# TASK DETAILS:
Please restate the listing word for word, omitting the images.

=== Section Start ===

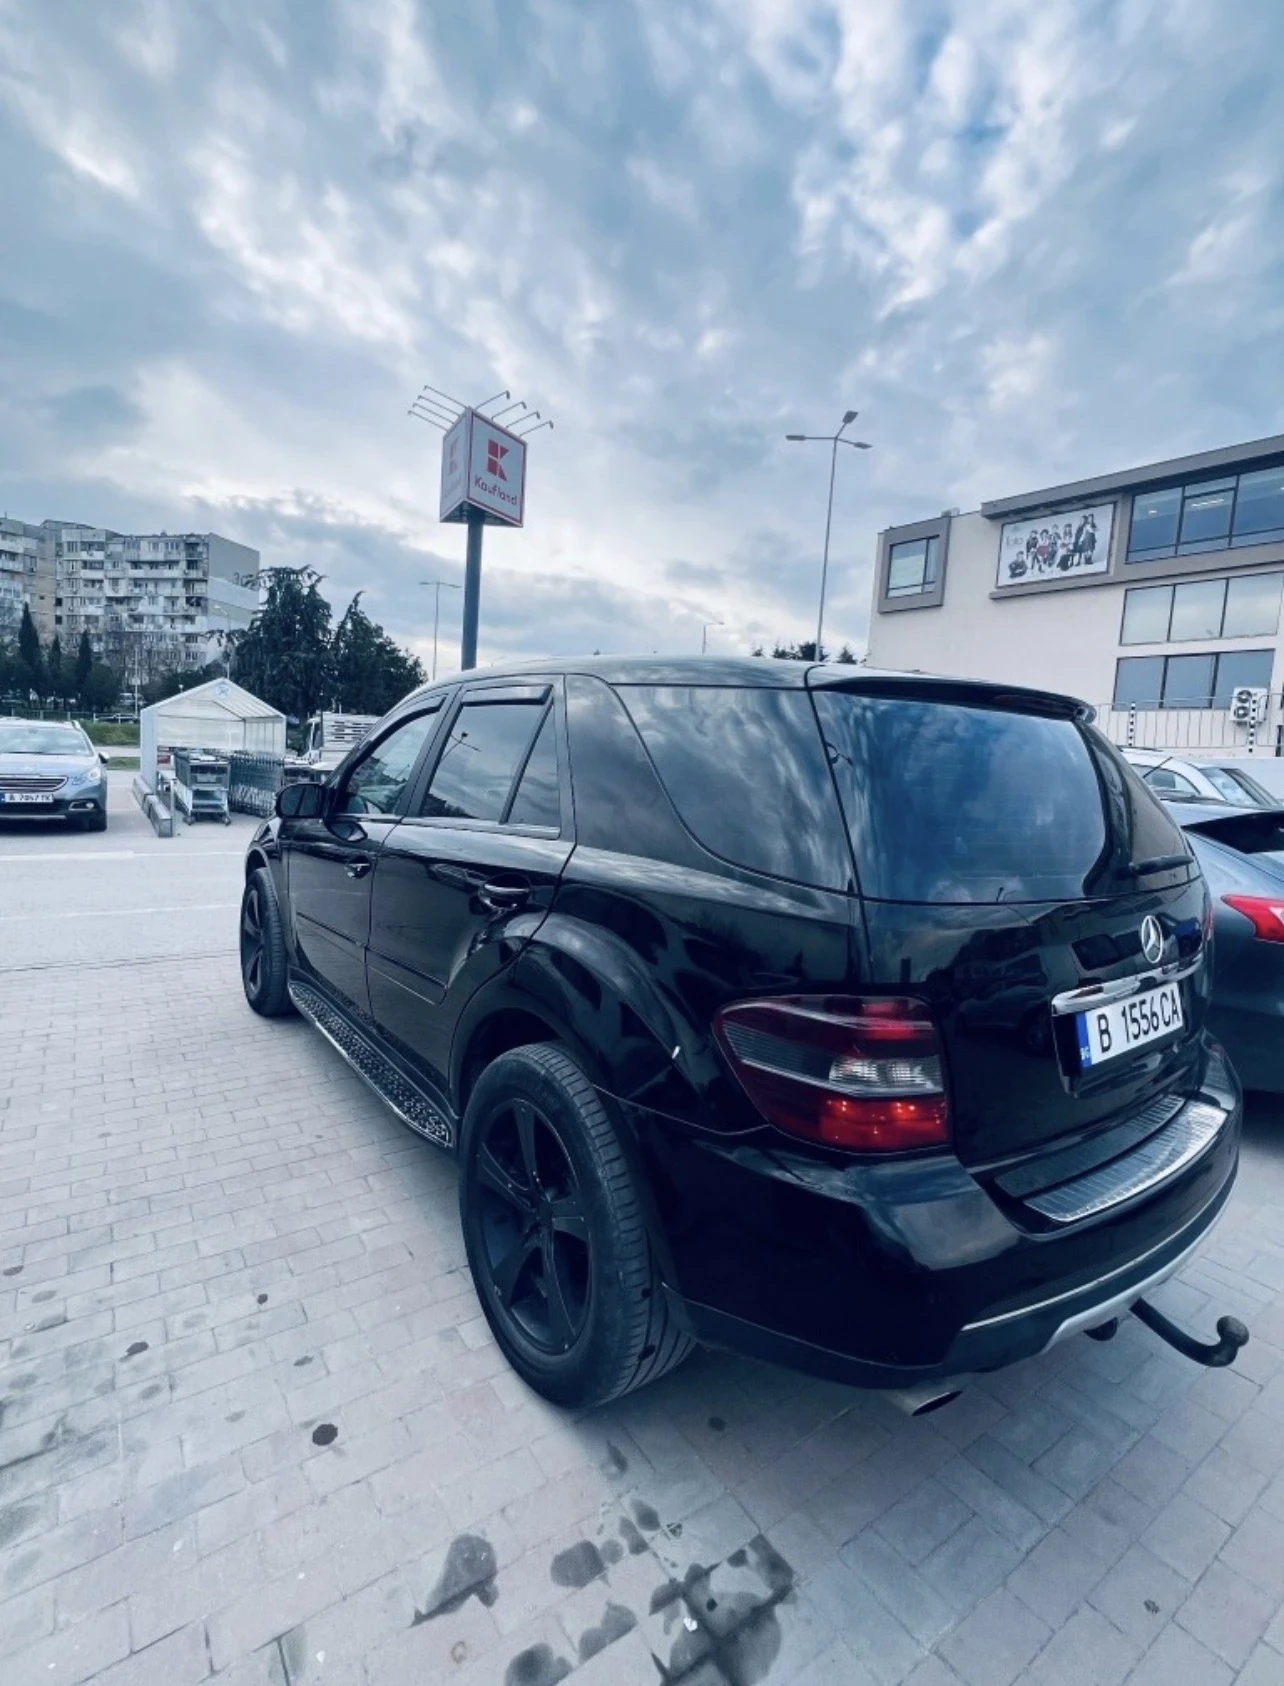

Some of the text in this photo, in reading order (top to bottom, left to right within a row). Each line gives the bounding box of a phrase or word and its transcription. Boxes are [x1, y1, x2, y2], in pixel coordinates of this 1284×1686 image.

[487, 438, 510, 481] K
[474, 475, 518, 505] Kaufland
[1097, 989, 1181, 1053] B 1556 CA
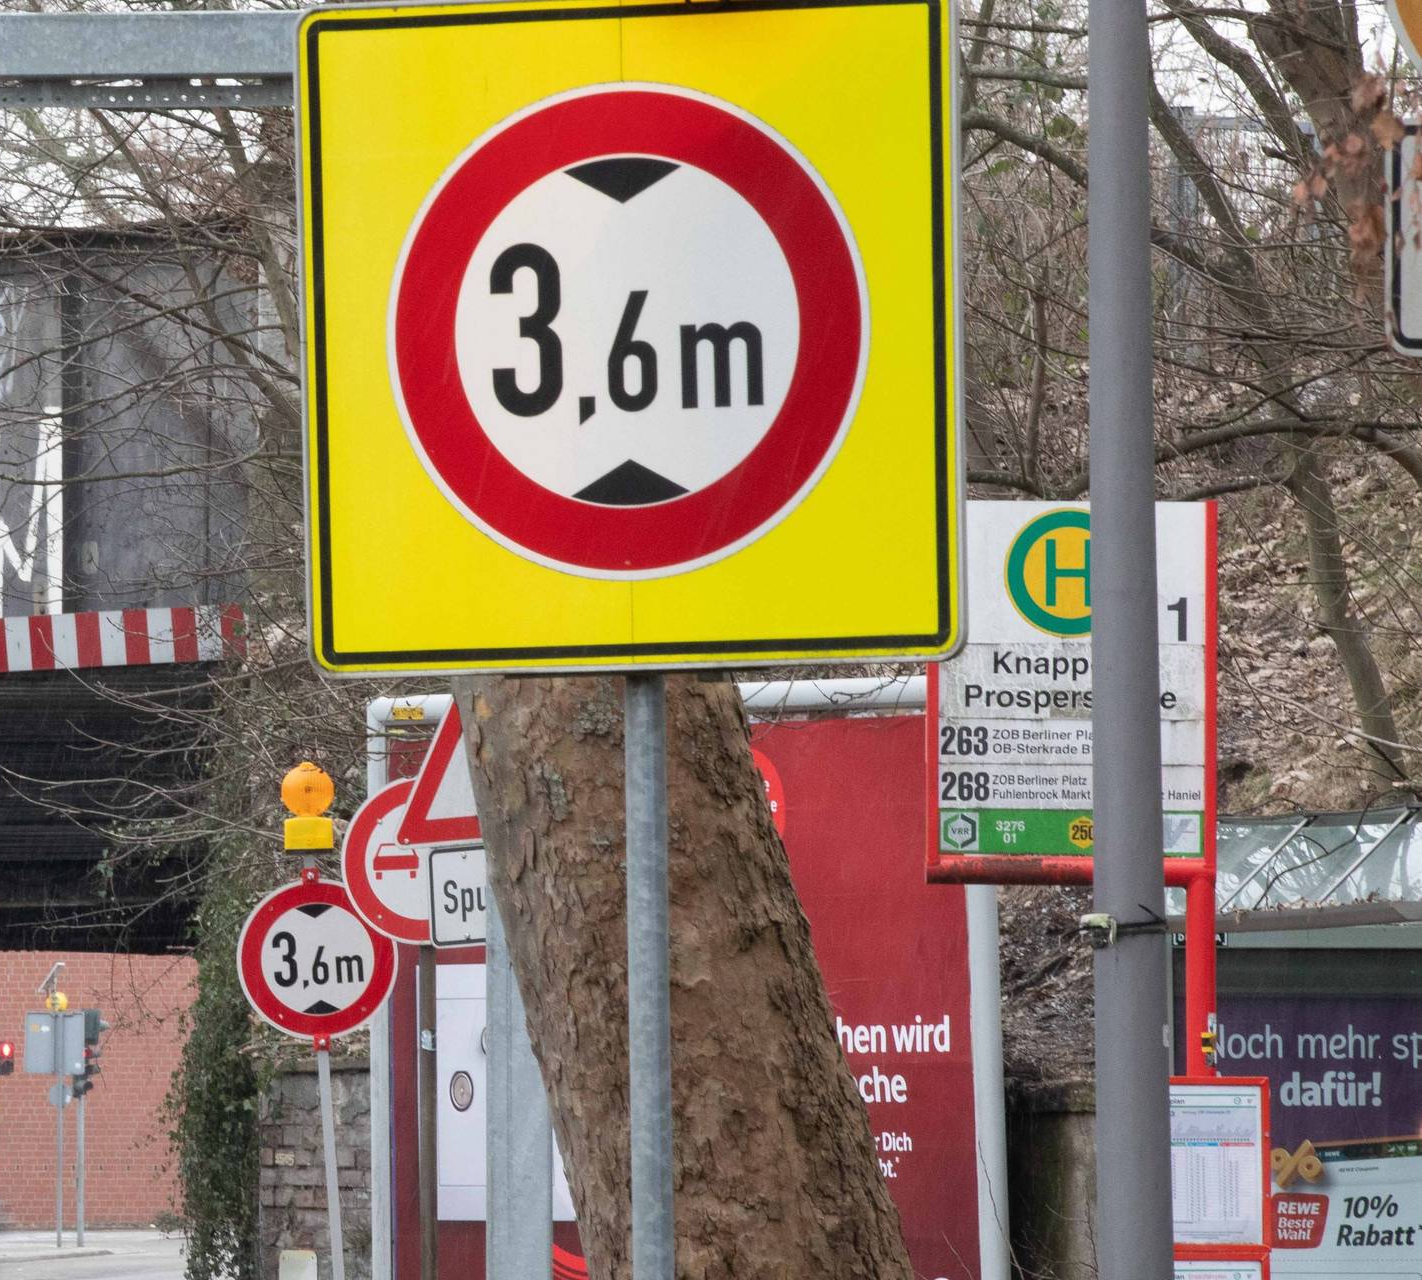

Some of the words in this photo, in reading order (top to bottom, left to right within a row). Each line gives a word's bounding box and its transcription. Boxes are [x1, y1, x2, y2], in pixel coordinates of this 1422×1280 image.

[1167, 597, 1187, 641] 1
[993, 651, 1093, 680] Knapp
[940, 726, 989, 756] 263
[992, 729, 1020, 740] ZOB
[1022, 729, 1072, 740] Berliner
[1076, 729, 1094, 740] Pla
[992, 743, 1078, 754] OB-Sterkrade
[1082, 743, 1093, 754] B
[941, 771, 990, 801] 268
[992, 775, 1016, 785] ZOB
[1017, 775, 1058, 785] Berliner
[1062, 775, 1087, 785] Platz
[992, 789, 1059, 800] Fuhlenbrock
[1061, 789, 1091, 800] Markt
[1168, 790, 1201, 800] Haniel
[995, 821, 1026, 831] 3276
[1002, 833, 1017, 844] 01
[443, 880, 487, 922] Spu
[836, 1016, 887, 1053] hen
[891, 1014, 951, 1053] wird
[1297, 1024, 1381, 1059] mehr
[1392, 1031, 1422, 1069] sp
[854, 1065, 908, 1103] che
[1280, 1071, 1382, 1107] dafür!
[881, 1131, 913, 1151] Dich
[1277, 1202, 1321, 1215] REWE
[1343, 1194, 1399, 1219] 10%
[1277, 1228, 1311, 1240] Wahl
[1278, 1217, 1315, 1229] Beste
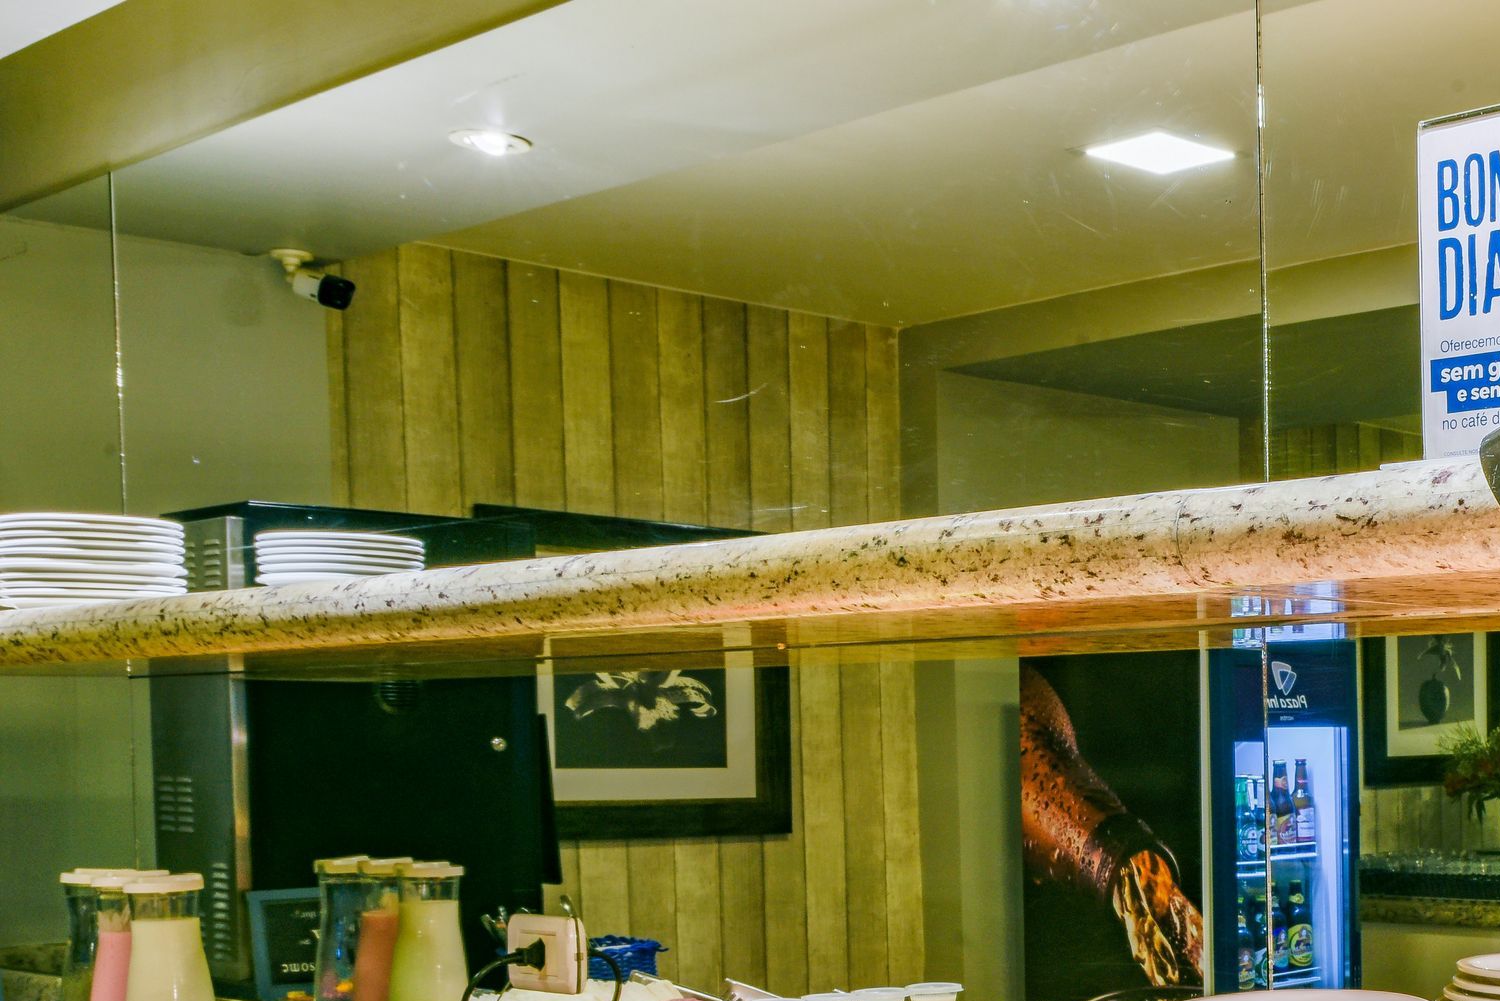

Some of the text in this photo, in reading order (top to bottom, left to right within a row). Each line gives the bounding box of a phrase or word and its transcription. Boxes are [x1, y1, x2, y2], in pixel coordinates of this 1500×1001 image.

[1440, 363, 1484, 383] sem
[1457, 389, 1468, 401] e
[1442, 419, 1458, 430] no
[1461, 412, 1488, 428] café

=== Section End ===

# RESULT FOR THIS EXERCISE:
Some of the text in this photo, in reading order (top to bottom, left to right within a row). Each line gives the bounding box of a phrase or word and its transcription. Boxes are [x1, y1, x2, y2], in pixel coordinates of this 1284×1686 image.

[487, 438, 510, 481] K
[474, 475, 518, 505] Kaufland
[1097, 989, 1181, 1053] B 1556 CA

Some of the words in this photo, in reading order (top to bottom, left to right within a row). Each line gives a word's bounding box and its transcription. Boxes are [x1, y1, x2, y2], in pixel coordinates of this 1422×1280 image.

[1167, 597, 1187, 641] 1
[993, 651, 1093, 680] Knapp
[940, 726, 989, 756] 263
[992, 729, 1020, 740] ZOB
[1022, 729, 1072, 740] Berliner
[1076, 729, 1094, 740] Pla
[992, 743, 1078, 754] OB-Sterkrade
[1082, 743, 1093, 754] B
[941, 771, 990, 801] 268
[992, 775, 1016, 785] ZOB
[1017, 775, 1058, 785] Berliner
[1062, 775, 1087, 785] Platz
[992, 789, 1059, 800] Fuhlenbrock
[1061, 789, 1091, 800] Markt
[1168, 790, 1201, 800] Haniel
[995, 821, 1026, 831] 3276
[1002, 833, 1017, 844] 01
[443, 880, 487, 922] Spu
[836, 1016, 887, 1053] hen
[891, 1014, 951, 1053] wird
[1297, 1024, 1381, 1059] mehr
[1392, 1031, 1422, 1069] sp
[854, 1065, 908, 1103] che
[1280, 1071, 1382, 1107] dafür!
[881, 1131, 913, 1151] Dich
[1277, 1202, 1321, 1215] REWE
[1343, 1194, 1399, 1219] 10%
[1277, 1228, 1311, 1240] Wahl
[1278, 1217, 1315, 1229] Beste

Some of the text in this photo, in reading order (top to bottom, left to right within a row). Each line gives the bounding box of a phrase or word and its transcription. Boxes are [x1, y1, x2, y2], in pixel coordinates of this 1500×1001 image.

[1440, 363, 1484, 383] sem
[1457, 389, 1468, 401] e
[1442, 419, 1458, 430] no
[1461, 412, 1488, 428] café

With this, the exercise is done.